Round 3 continued : hdc in the 1st st and each st till Marker 3 ;
[ch 13, sk 9 sts , hdc in the Marker 4 st) ;
hdc in each st till one stitch before Marker 2 ;
Rep instructions for ear ;
Continue around face ;
Join with a sl-st to the 1st st.
Eyes / Face complete. Fasten off and weave in ends.
Detail of eye
Part 3 : Body
Great going so far.  Now we need to move down the eyes / face to get to the lower part or the body.
Again there are two ways to do this :
1) sl-st till the point I ask you to ;
2) fasten off and weave in ends after the ears round and re-attach your yarn where I ask you to ;
Choose what suits you.

Let's once again place markers for convenience : 
Go to the centre ch-13 sp and count off 25 sts on either side. Place Markers 1 & 2
We will work from Marker 1 to Marker 2 for the body.
Re-attach your yarn at Marker 1 (on the left hand side of the project, when it is facing you right side up)
Once again as we're starting on a new part, I'm going to start renumbering for convenience.

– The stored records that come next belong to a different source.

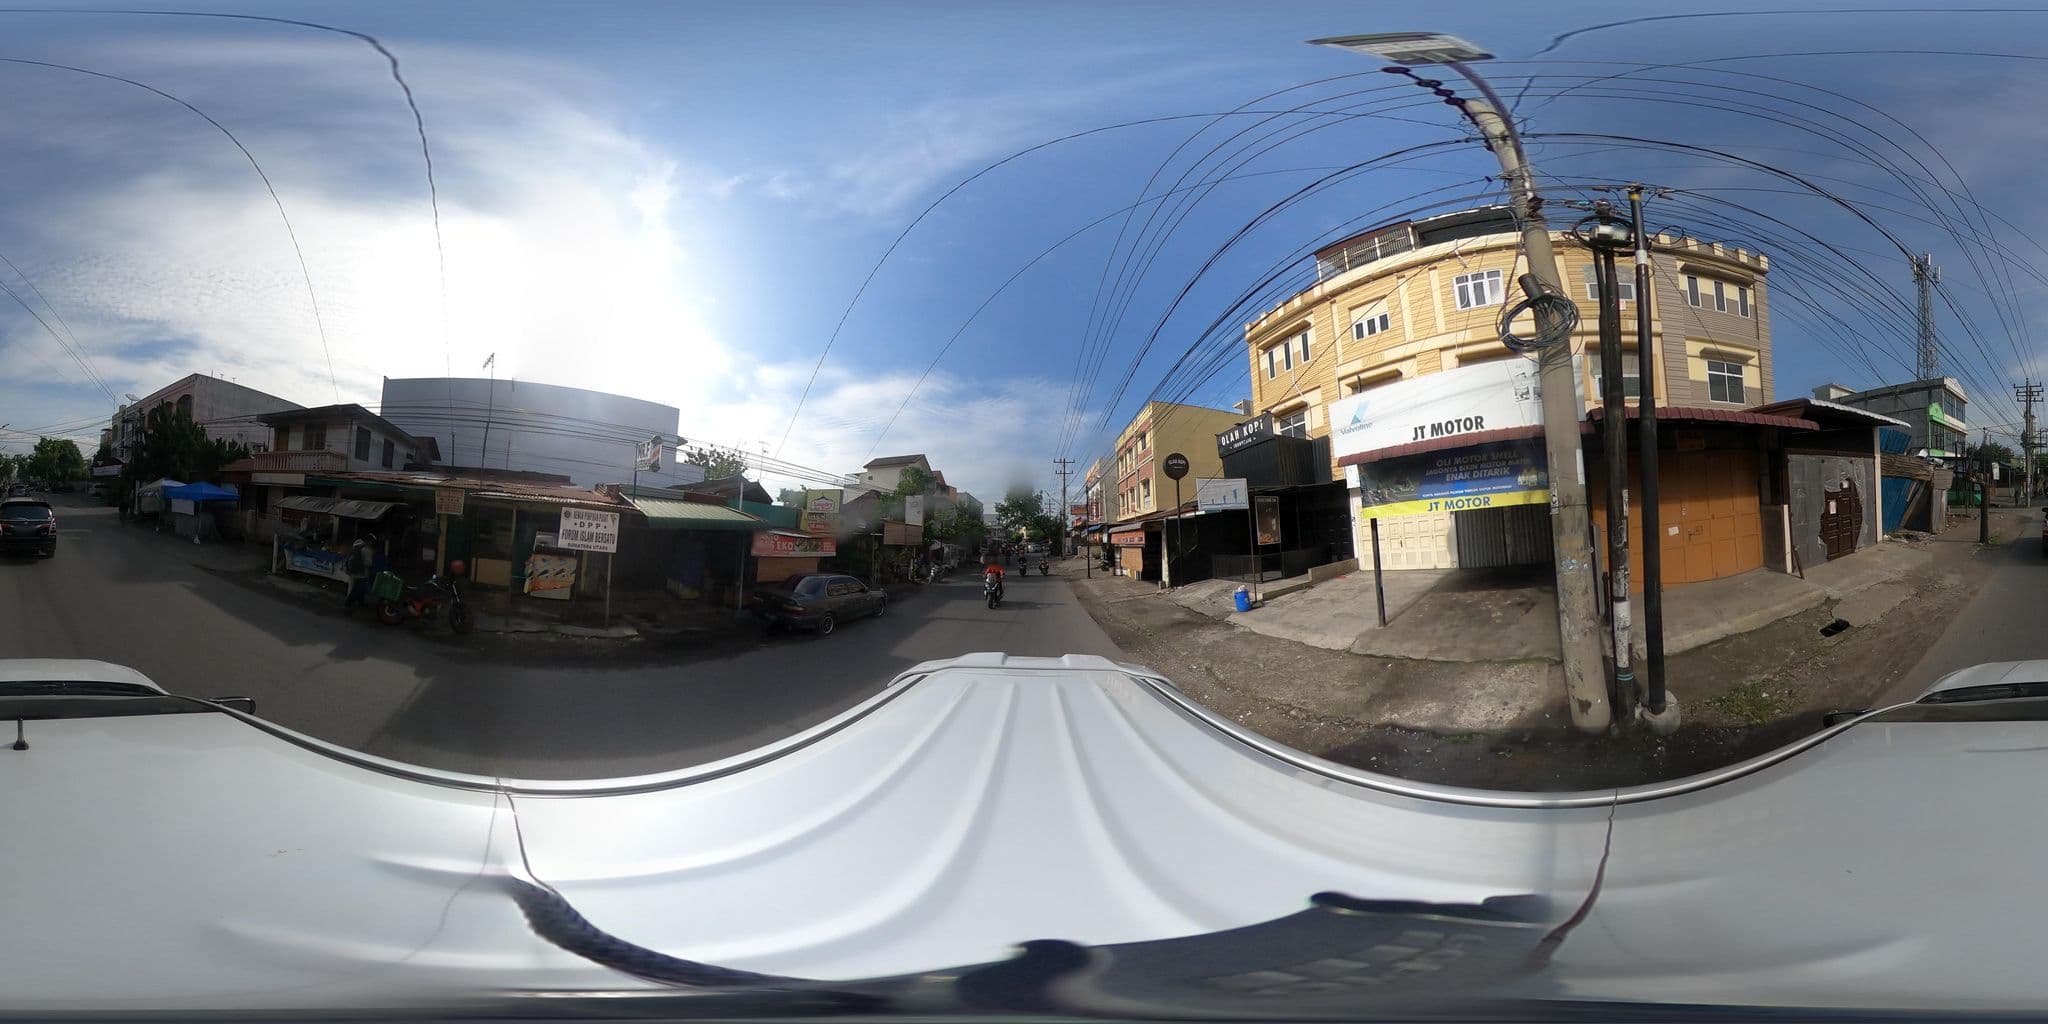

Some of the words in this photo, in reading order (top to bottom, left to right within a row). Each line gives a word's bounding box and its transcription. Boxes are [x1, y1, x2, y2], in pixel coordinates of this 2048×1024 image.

[1412, 425, 1426, 441] JT
[1430, 415, 1485, 438] MOTOR
[1221, 429, 1240, 446] OLAH
[1436, 459, 1451, 467] OLI
[1454, 454, 1488, 465] MOTOR
[1480, 460, 1506, 469] MOTOR
[1446, 471, 1471, 482] ENAK
[1472, 467, 1511, 480] DITARIK
[1428, 501, 1440, 512] JT
[1444, 496, 1491, 510] MOTOR
[561, 528, 579, 541] FORUM
[579, 530, 595, 542] ISLAM
[594, 531, 616, 545] BERSATU
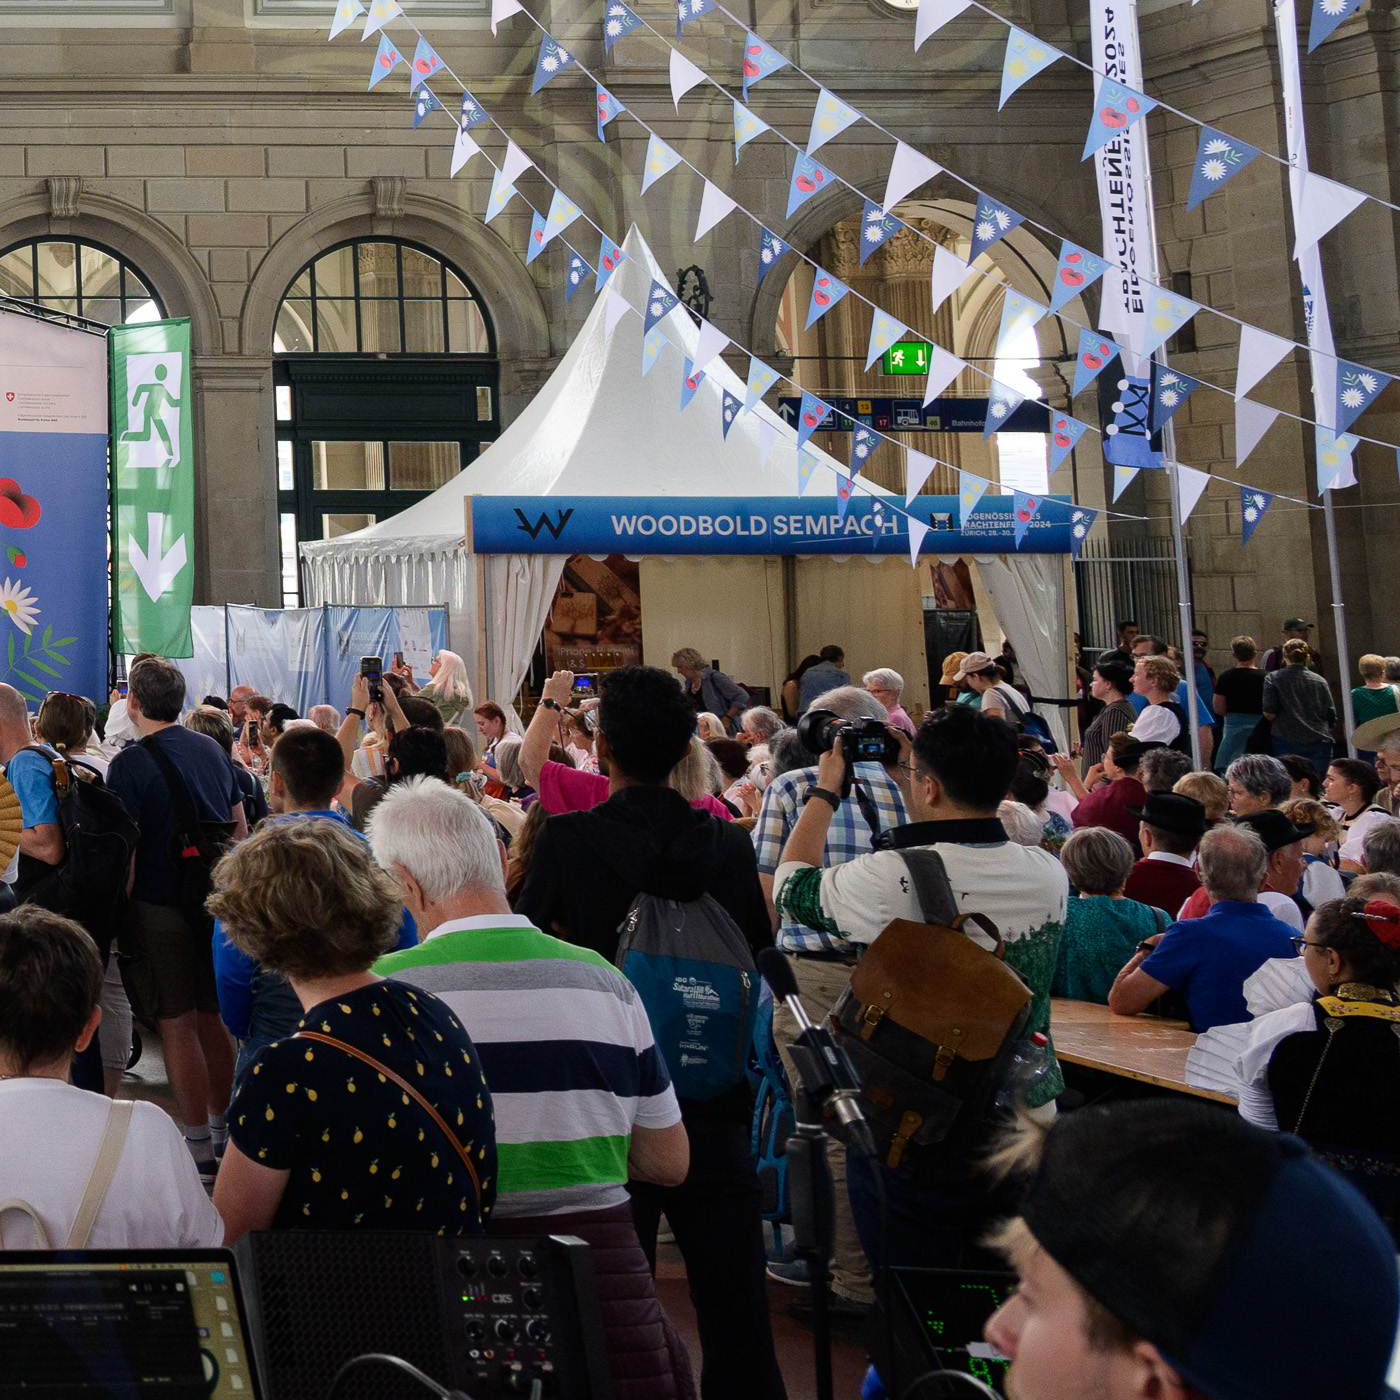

Triple Crochet : trc : wrap yarn twice around hook, insert hk into st ; yo (4 lps on hk); [yo, draw through 2 lps] three times.  One trc made.  

Check out the video at https://youtu.be/A0y4BbgDTbs

Chainless start for Triple / Treble Crochet : I dislike the ch-2 / ch – 3 start, and this is what I do to start my row of trc. 

Check out the video at https://youtu.be/f42MO0cGYC0  


Our Shell stitch for today's pattern is (3 trc ; ch 3, 3 trc) all in the same st or ch-sp
Row 1 : Shell stitch in the marked st ;
sk next 7 sts, 10 trc in the next st. ; 
sk next 7 sts, Shell stitch in the next st ;
18 trc in the next ch-13 sp ;
sk next 7 sts, Shell stitch in the next st ;
sk next 7 sts, 10 trc in the next st ; 
Shell stitch in the marked st.  Turn.

From now on, we will work a Shell stitch in the ch-3 sp of the earlier Shell stitch, unless otherwise indicated
Row 2 : sl-st into the 1st ch-3 sp of the 1st Shell stitch,
Shell stitch in the same 1st ch-3 sp of the 1st Shell stitch ;
trc in the next trc ; 
[ch 1, trc in the next trc] ; 
rep [to] 8 times ;
Shell stitch in the Shell stitch ;
trc in the next trc ; 
rep [to] 17 times ;
Shell stitch in the next Shell stitch ;
trc in the next trc ; 
rep [to] 9 times ;
Shell stitch in the next Shell stitch.  Turn.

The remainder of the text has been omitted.